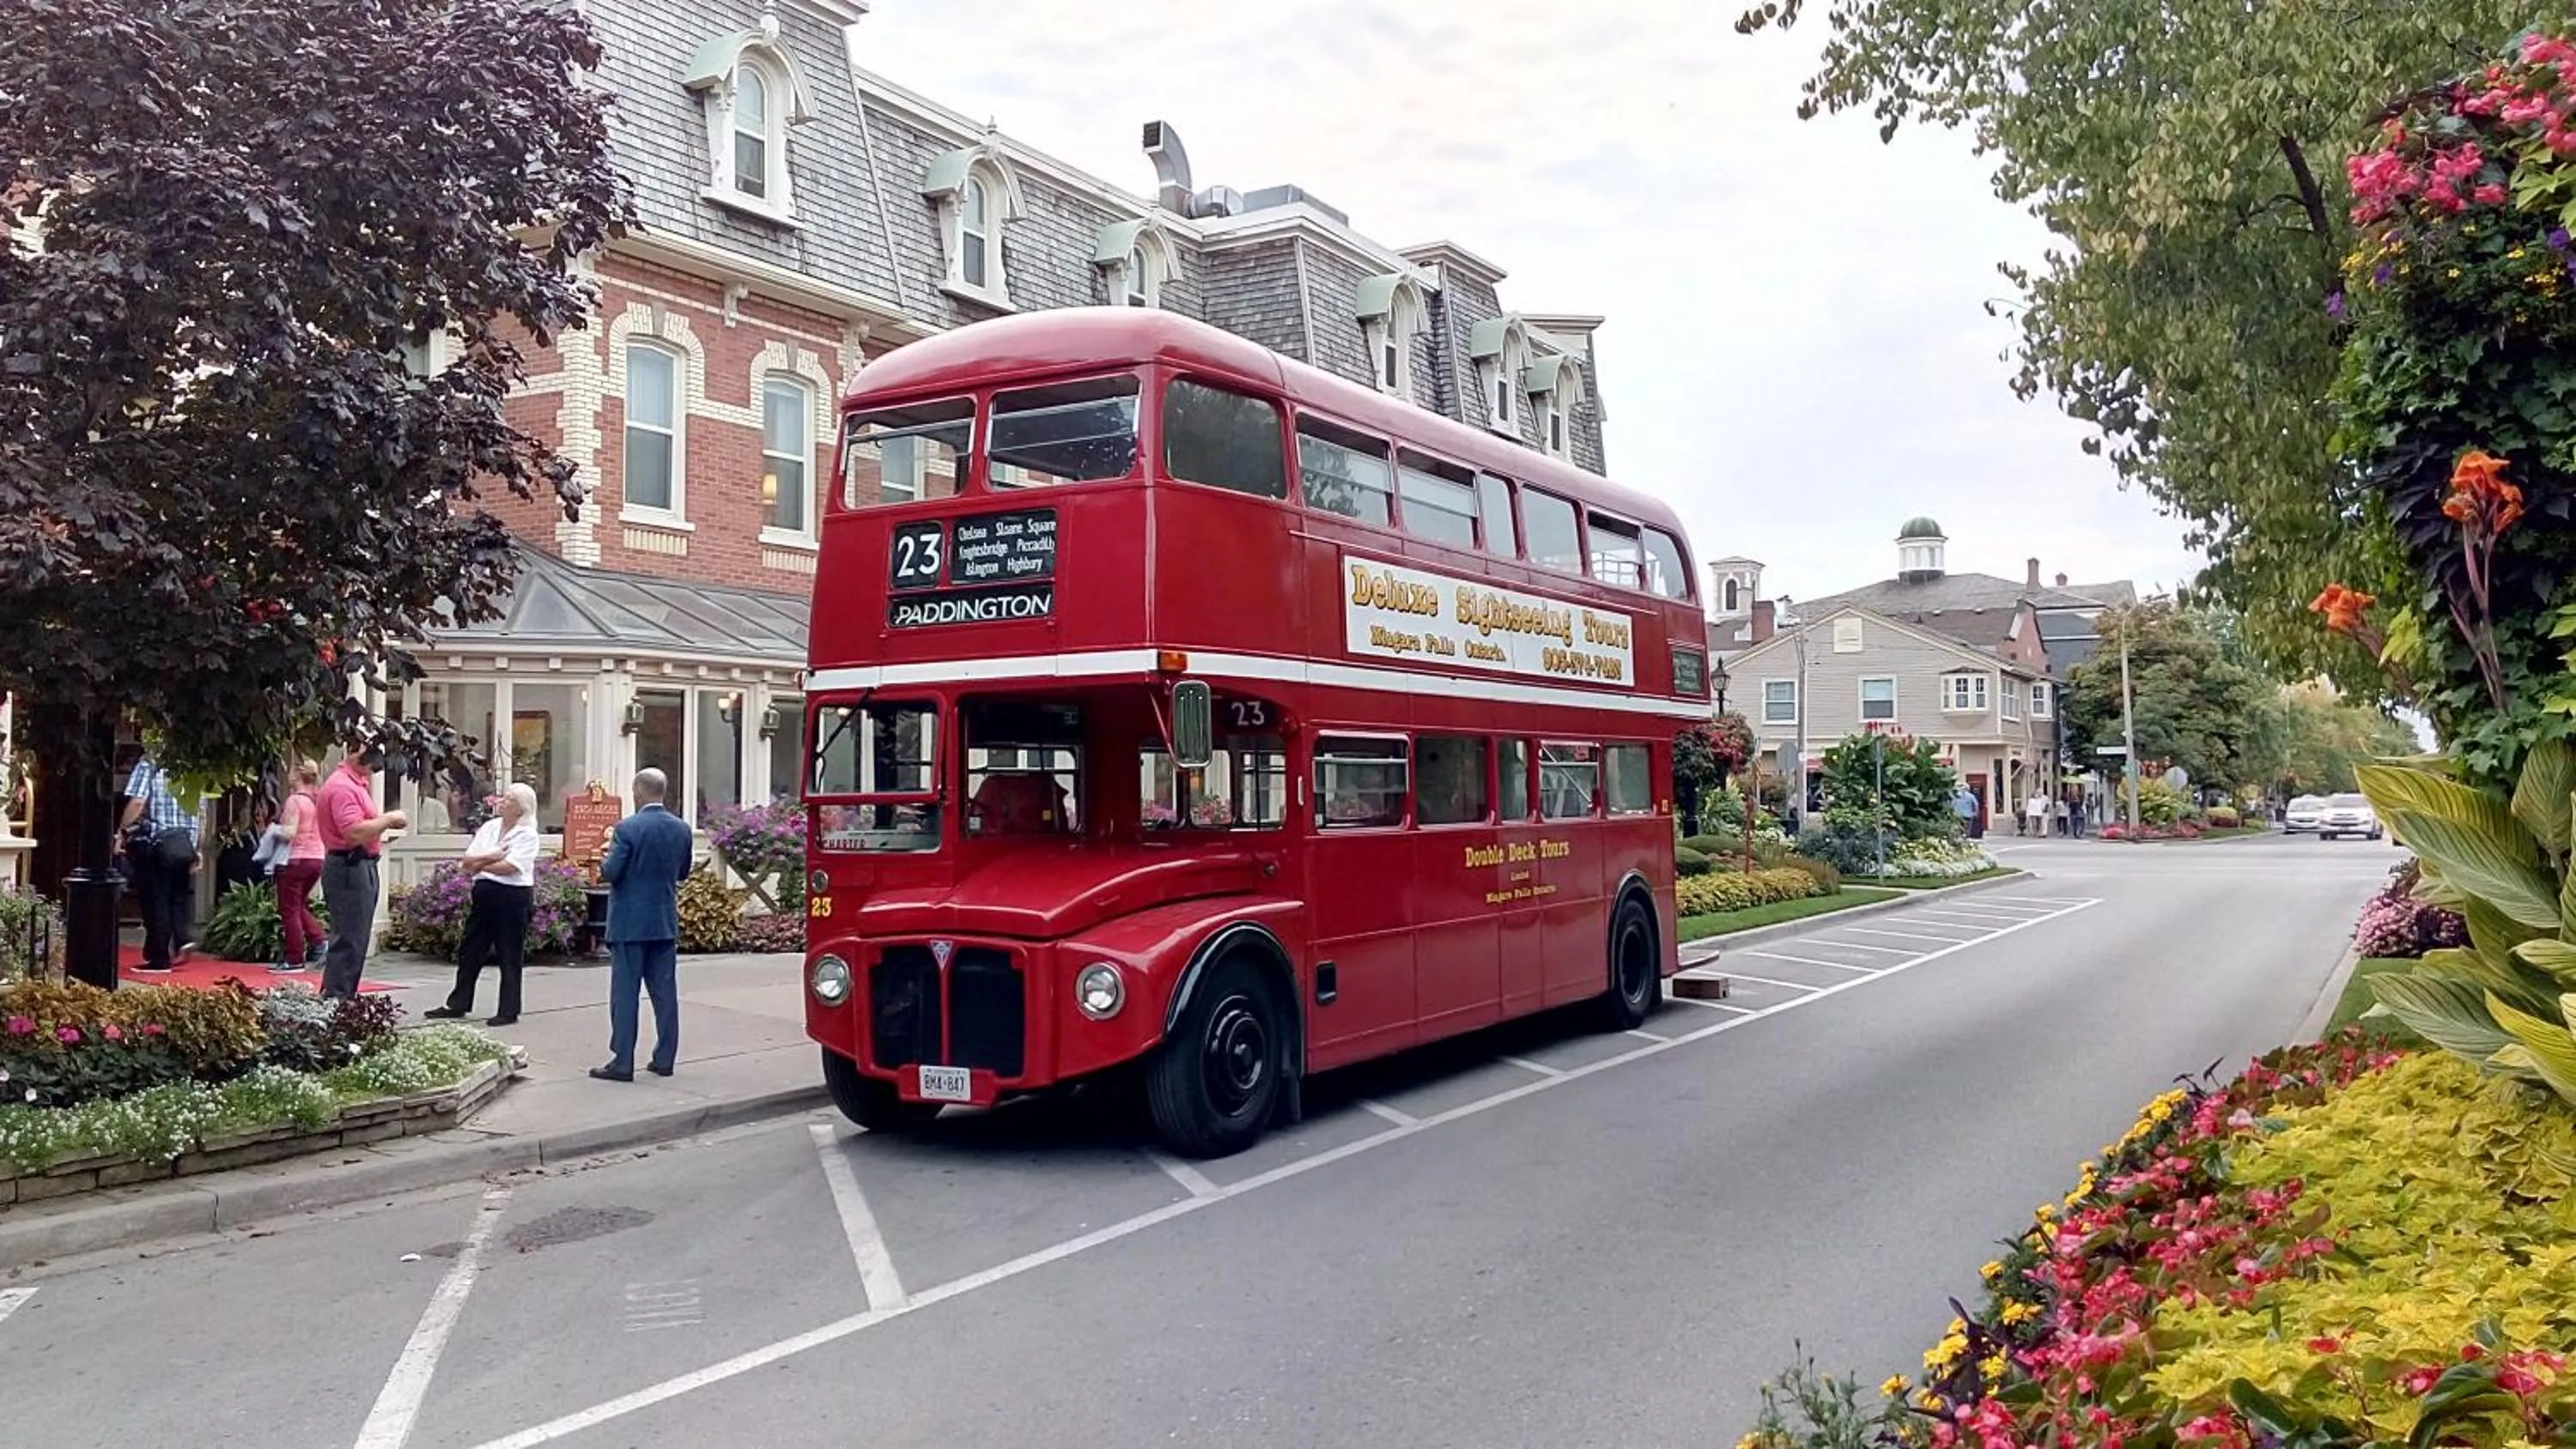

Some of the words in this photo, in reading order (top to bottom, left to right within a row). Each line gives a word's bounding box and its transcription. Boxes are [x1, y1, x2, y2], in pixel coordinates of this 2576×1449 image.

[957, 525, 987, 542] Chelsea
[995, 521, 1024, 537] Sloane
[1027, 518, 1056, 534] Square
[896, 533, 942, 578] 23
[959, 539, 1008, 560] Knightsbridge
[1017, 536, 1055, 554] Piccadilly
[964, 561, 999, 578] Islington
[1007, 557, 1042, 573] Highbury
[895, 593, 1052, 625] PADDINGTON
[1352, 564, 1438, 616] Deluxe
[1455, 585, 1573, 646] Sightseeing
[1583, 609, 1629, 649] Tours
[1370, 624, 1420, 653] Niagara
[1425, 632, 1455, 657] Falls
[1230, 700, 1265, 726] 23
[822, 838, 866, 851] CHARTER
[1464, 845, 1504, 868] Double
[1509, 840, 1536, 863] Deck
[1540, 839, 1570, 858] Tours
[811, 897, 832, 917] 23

» **Work to complete**:
Extract the text of all the records above verbatim, excluding pictures.

» **Your solution**:
Some of the words in this photo, in reading order (top to bottom, left to right within a row). Each line gives a word's bounding box and its transcription. Boxes are [x1, y1, x2, y2], in pixel coordinates of this 2576×1449 image.

[957, 525, 987, 542] Chelsea
[995, 521, 1024, 537] Sloane
[1027, 518, 1056, 534] Square
[896, 533, 942, 578] 23
[959, 539, 1008, 560] Knightsbridge
[1017, 536, 1055, 554] Piccadilly
[964, 561, 999, 578] Islington
[1007, 557, 1042, 573] Highbury
[895, 593, 1052, 625] PADDINGTON
[1352, 564, 1438, 616] Deluxe
[1455, 585, 1573, 646] Sightseeing
[1583, 609, 1629, 649] Tours
[1370, 624, 1420, 653] Niagara
[1425, 632, 1455, 657] Falls
[1230, 700, 1265, 726] 23
[822, 838, 866, 851] CHARTER
[1464, 845, 1504, 868] Double
[1509, 840, 1536, 863] Deck
[1540, 839, 1570, 858] Tours
[811, 897, 832, 917] 23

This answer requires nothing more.